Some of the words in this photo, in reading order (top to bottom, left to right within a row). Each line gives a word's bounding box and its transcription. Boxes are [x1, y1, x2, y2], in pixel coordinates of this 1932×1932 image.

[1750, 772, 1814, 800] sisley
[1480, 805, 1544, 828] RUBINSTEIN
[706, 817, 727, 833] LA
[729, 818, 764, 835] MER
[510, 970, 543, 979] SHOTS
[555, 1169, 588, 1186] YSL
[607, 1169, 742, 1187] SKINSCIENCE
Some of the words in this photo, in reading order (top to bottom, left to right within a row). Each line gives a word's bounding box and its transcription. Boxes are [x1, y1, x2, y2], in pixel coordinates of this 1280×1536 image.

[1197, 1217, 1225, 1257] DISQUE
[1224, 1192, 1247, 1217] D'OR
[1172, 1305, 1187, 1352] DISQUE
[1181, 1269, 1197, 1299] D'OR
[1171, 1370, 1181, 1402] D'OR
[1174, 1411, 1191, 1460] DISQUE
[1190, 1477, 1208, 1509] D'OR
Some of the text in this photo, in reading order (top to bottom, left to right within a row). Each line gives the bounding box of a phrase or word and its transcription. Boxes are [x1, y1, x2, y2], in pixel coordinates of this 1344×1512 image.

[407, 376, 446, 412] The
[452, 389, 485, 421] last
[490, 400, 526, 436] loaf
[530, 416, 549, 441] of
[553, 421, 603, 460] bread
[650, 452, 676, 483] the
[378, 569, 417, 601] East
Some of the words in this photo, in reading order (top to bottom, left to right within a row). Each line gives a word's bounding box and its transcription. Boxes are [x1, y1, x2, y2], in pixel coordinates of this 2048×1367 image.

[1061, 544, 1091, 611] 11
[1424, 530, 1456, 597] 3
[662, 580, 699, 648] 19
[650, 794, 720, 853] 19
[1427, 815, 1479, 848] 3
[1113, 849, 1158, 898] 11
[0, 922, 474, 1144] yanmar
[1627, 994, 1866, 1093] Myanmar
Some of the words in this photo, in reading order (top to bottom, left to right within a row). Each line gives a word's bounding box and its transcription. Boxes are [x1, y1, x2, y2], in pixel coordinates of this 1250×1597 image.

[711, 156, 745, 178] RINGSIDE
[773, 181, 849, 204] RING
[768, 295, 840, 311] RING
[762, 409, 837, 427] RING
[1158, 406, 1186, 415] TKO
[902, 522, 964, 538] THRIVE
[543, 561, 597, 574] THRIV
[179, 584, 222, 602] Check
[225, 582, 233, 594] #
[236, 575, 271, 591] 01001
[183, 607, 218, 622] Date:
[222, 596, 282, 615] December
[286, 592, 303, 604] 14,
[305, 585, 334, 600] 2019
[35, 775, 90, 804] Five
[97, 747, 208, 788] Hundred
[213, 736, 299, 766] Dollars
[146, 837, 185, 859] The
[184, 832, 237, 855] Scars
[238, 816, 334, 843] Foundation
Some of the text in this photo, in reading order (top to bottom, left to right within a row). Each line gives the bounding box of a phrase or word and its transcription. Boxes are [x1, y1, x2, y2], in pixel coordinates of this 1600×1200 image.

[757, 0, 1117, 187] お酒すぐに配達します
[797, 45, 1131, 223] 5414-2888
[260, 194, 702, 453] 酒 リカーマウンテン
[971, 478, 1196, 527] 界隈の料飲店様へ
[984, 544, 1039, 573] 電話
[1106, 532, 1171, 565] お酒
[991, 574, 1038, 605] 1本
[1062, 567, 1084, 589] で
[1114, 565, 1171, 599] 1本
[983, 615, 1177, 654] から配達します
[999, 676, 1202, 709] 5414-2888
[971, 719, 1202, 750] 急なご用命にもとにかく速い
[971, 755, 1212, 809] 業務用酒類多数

**********

#### What is required:
Exactly reproduce all of the entries above.

#### Exercise solution:
Some of the words in this photo, in reading order (top to bottom, left to right within a row). Each line gives a word's bounding box and its transcription. Boxes are [x1, y1, x2, y2], in pixel coordinates of this 1932×1932 image.

[1750, 772, 1814, 800] sisley
[1480, 805, 1544, 828] RUBINSTEIN
[706, 817, 727, 833] LA
[729, 818, 764, 835] MER
[510, 970, 543, 979] SHOTS
[555, 1169, 588, 1186] YSL
[607, 1169, 742, 1187] SKINSCIENCE
Some of the words in this photo, in reading order (top to bottom, left to right within a row). Each line gives a word's bounding box and its transcription. Boxes are [x1, y1, x2, y2], in pixel coordinates of this 1280×1536 image.

[1197, 1217, 1225, 1257] DISQUE
[1224, 1192, 1247, 1217] D'OR
[1172, 1305, 1187, 1352] DISQUE
[1181, 1269, 1197, 1299] D'OR
[1171, 1370, 1181, 1402] D'OR
[1174, 1411, 1191, 1460] DISQUE
[1190, 1477, 1208, 1509] D'OR
Some of the text in this photo, in reading order (top to bottom, left to right within a row). Each line gives the bounding box of a phrase or word and its transcription. Boxes are [x1, y1, x2, y2], in pixel coordinates of this 1344×1512 image.

[407, 376, 446, 412] The
[452, 389, 485, 421] last
[490, 400, 526, 436] loaf
[530, 416, 549, 441] of
[553, 421, 603, 460] bread
[650, 452, 676, 483] the
[378, 569, 417, 601] East
Some of the words in this photo, in reading order (top to bottom, left to right within a row). Each line gives a word's bounding box and its transcription. Boxes are [x1, y1, x2, y2], in pixel coordinates of this 2048×1367 image.

[1061, 544, 1091, 611] 11
[1424, 530, 1456, 597] 3
[662, 580, 699, 648] 19
[650, 794, 720, 853] 19
[1427, 815, 1479, 848] 3
[1113, 849, 1158, 898] 11
[0, 922, 474, 1144] yanmar
[1627, 994, 1866, 1093] Myanmar
Some of the words in this photo, in reading order (top to bottom, left to right within a row). Each line gives a word's bounding box and its transcription. Boxes are [x1, y1, x2, y2], in pixel coordinates of this 1250×1597 image.

[711, 156, 745, 178] RINGSIDE
[773, 181, 849, 204] RING
[768, 295, 840, 311] RING
[762, 409, 837, 427] RING
[1158, 406, 1186, 415] TKO
[902, 522, 964, 538] THRIVE
[543, 561, 597, 574] THRIV
[179, 584, 222, 602] Check
[225, 582, 233, 594] #
[236, 575, 271, 591] 01001
[183, 607, 218, 622] Date:
[222, 596, 282, 615] December
[286, 592, 303, 604] 14,
[305, 585, 334, 600] 2019
[35, 775, 90, 804] Five
[97, 747, 208, 788] Hundred
[213, 736, 299, 766] Dollars
[146, 837, 185, 859] The
[184, 832, 237, 855] Scars
[238, 816, 334, 843] Foundation
Some of the text in this photo, in reading order (top to bottom, left to right within a row). Each line gives the bounding box of a phrase or word and its transcription. Boxes are [x1, y1, x2, y2], in pixel coordinates of this 1600×1200 image.

[757, 0, 1117, 187] お酒すぐに配達します
[797, 45, 1131, 223] 5414-2888
[260, 194, 702, 453] 酒 リカーマウンテン
[971, 478, 1196, 527] 界隈の料飲店様へ
[984, 544, 1039, 573] 電話
[1106, 532, 1171, 565] お酒
[991, 574, 1038, 605] 1本
[1062, 567, 1084, 589] で
[1114, 565, 1171, 599] 1本
[983, 615, 1177, 654] から配達します
[999, 676, 1202, 709] 5414-2888
[971, 719, 1202, 750] 急なご用命にもとにかく速い
[971, 755, 1212, 809] 業務用酒類多数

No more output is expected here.